Hello everyone question re Low TSH and osteoporosis

Hello everyone I recently joined this forum and wanted to say hello and ask a question. I've been on levothyroxine for many years, I have Hoshimoto's. My TSH levels have been too low for some time and based on this whenever my thyroxine is reduced I become very hypo and cannot manage. Some years back I saw an endocrinologist who told me to stay with the slightly higher dose and not worry too much about TSH. And I've been largely fine for many years. But a few months ago I was told I have osteoporosis in my lower back and it was suggested to me that it's because I overdose on thyroxine. I don't actually overdose I take 100 a day and twice a week 125. I went on 100 for 2 months but felt really low on energy and actually became depressed and developed all kinds of weird symptoms. Anyway I've been back to GP and back to the specialist ( a very senior thyroid person in UK) and none of them can tell me if too low TSH ( or too much T4) has caused my osteoporosis. I had various blood tests and the only other thing was a slight deficiency in vitamin D which I am supplementing now.

So my question is, can taking a little too much thyroxine on which I feel fine but which lowers my TSH too much cause osteoporosis. Would welcome some views. By the way have read posts on this forum and it's so great! Wish I'd found it years ago.

10 Replies

  • If you have too low a TSH it can lead to osteoporosis, specifically if the TSH is suppressed. It depends upon your age and other factors like vit D and menopause. This information is based on population surveys which look at TSH in the general population and compare osteoporosis rates.

    It gets much more complex. For example, patients with thyroid cancer often require TSH suppressive doses of levothyroxine and do have osteoporosis higher osteoporosis rates. However, these patients often have disruption to the parathyroid glands also (so named because they are located next to the thyroid). The parathyroids are resonsible for bone metabolism, so it is hardly surprising if there is osteoporosis.

    Another issue is that looking at TSH in the general population is not the same as in a specific patient. If that patient requires a lower TSH to be clinically euthyroid it is not the same as reducing another person's TSH to the same level.

    Also, although these is evidence that a suppressed TSH reduces bone density there is no increase in fracture rates. A patient restored to normal health is able to exercise and build up bone strength.

    Your doctors can't tell you if your low TSH has caused your osteoporosis, nobody can. My judgement, as a patient, is that if you reduced your medication and your TSH rose it might reduce the chances of further osteoporosis but the loss of exercise capability would be just as bad. If it were me I'd take the minimum dose that resolves my symptoms and look at ways I can mitigate any osteoporosis, such as vit D and weight bearing exercise, maybe days out in the sunshine! Other factors are likely to have a greater bearing on osteoporosis.
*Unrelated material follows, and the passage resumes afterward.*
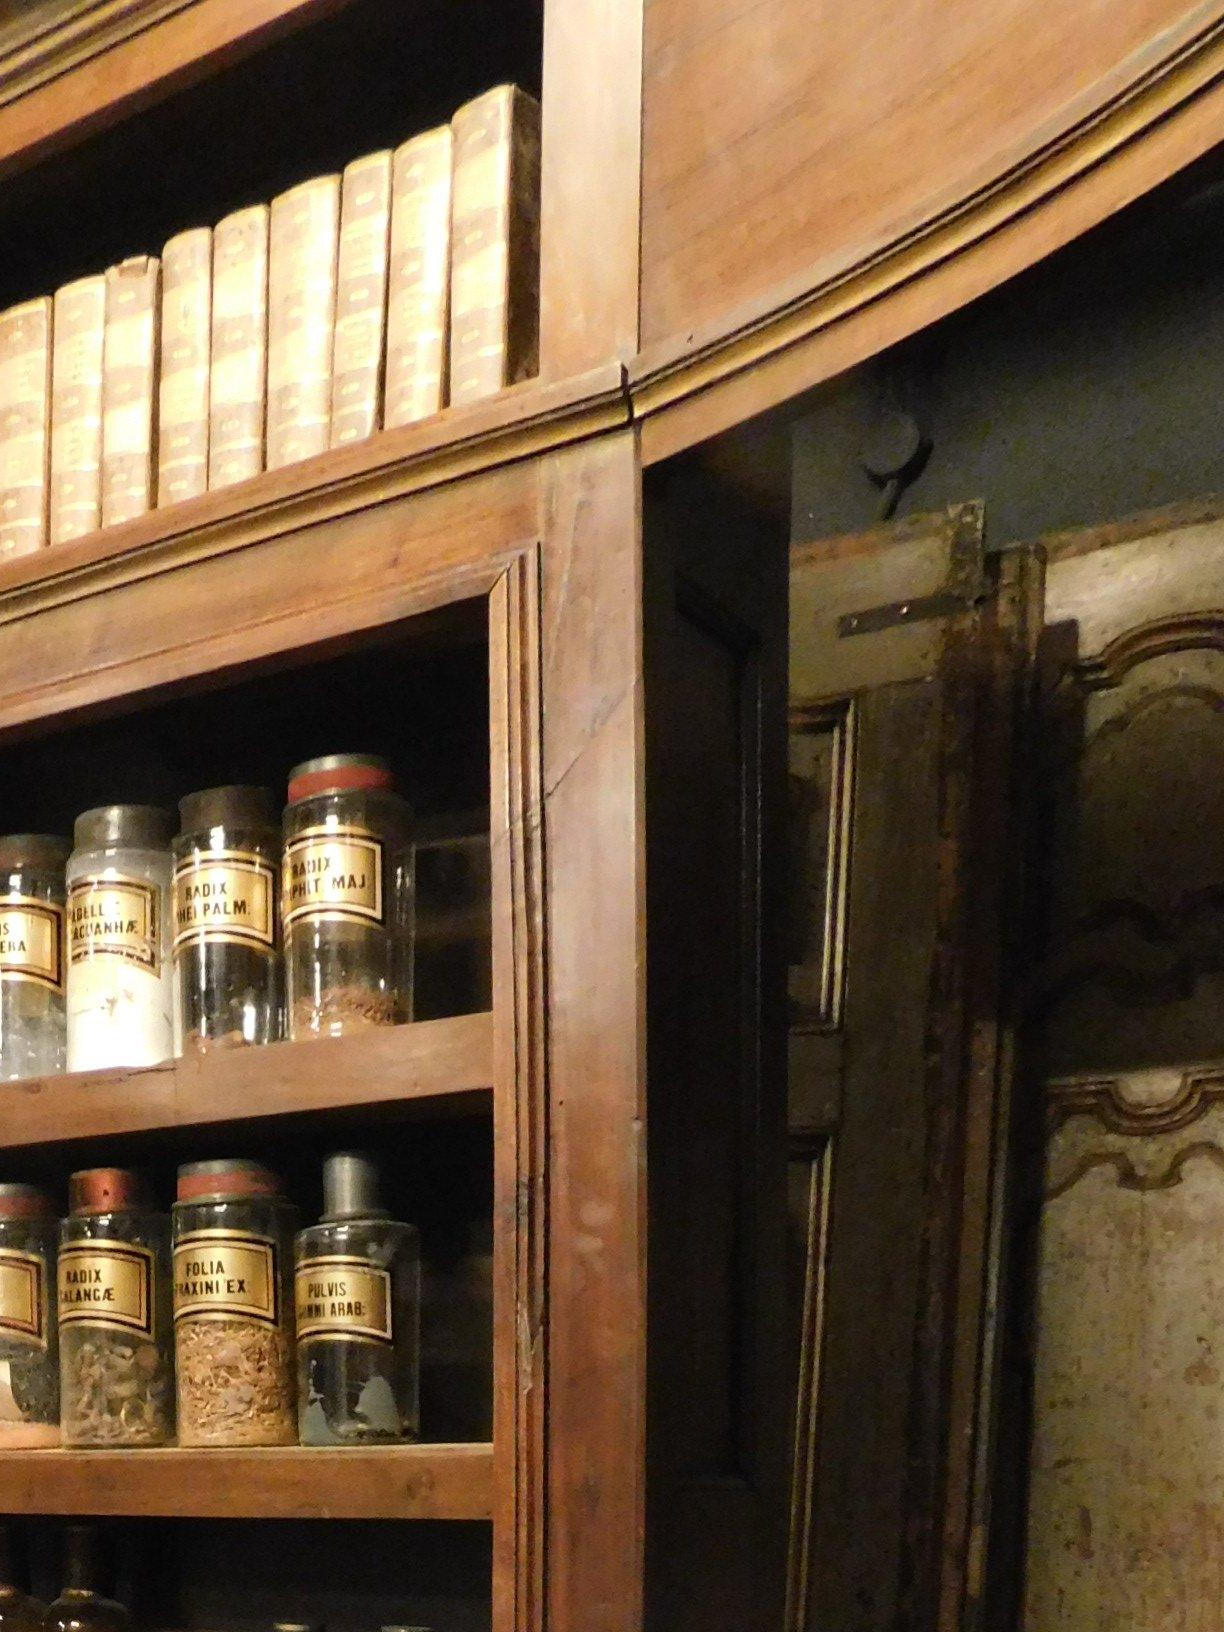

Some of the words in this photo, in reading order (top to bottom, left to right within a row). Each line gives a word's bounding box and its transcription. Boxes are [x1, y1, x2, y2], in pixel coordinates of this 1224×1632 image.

    If I remember correctly it is suppressed (almost undetectable) TSH that is associated with osteoporosis and not just a low TSH, not just below the lower limit of the reference interval.

  • Thanks jimh111. My problem is that when i reduce my thyroxine i just cannot function. I am going to try and make sure my vitamin D levels stay optimal from now on. Re weight bearing I used to run and amsl swam and did weights in the gym regularly for years....but had so many problems with backache and knee ache and general aches and pains. I persisted despite all that but but then in january when i had reduced my thyroxine because of fears re osteoprosis, I developed knee pain so severe that it put me in crutches (for no clear reason, although there was an old knee injury many years ago). So only just managing to walk properly now. I am having physio and on his advice i've just bought an exercise bike and am starting on that with a daily program. and will slowly incorporate weight training. just need to decide on how to cope with low thyroxine or risk of further osteoprosis. I am 56 years old and the osteoprosis in my back is apparently something i could expect 20 years from now in "normal" circumstances.
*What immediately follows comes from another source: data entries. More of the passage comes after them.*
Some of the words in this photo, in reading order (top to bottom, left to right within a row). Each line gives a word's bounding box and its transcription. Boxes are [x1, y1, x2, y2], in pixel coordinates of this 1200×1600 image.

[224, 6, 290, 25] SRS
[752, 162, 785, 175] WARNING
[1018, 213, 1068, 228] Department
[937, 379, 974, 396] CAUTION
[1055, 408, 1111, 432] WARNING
  • That sounds like more than enough exercise! I was thinking of going for walks or gentle lifting. I'd take enough levo to make yourself well. Hypothyroidism seems to cause sensitivity to pain leading to less ability to exercise etc. Is seems you have the choice of having a life with levo or cutting back, having no life and getting just as much osteoporosis if not more.

  • Osteoporosis can happen with or without an accompanying thyroid disease. Therefore ascribing a "cause and effect" hypothesis to whether slightly higher thyroid supplementation was the cause of OP is very nebulous. You might well have got OP even if you'd not had thyroid trouble. It really isn't possible to say for one individual what was the cause. Alternatively like my wife, you can have suppressed TSH for 45 years on T4 and have no osteoporosis but have arthritis instead. Still no cause and effect, just the wear and tear of getting older.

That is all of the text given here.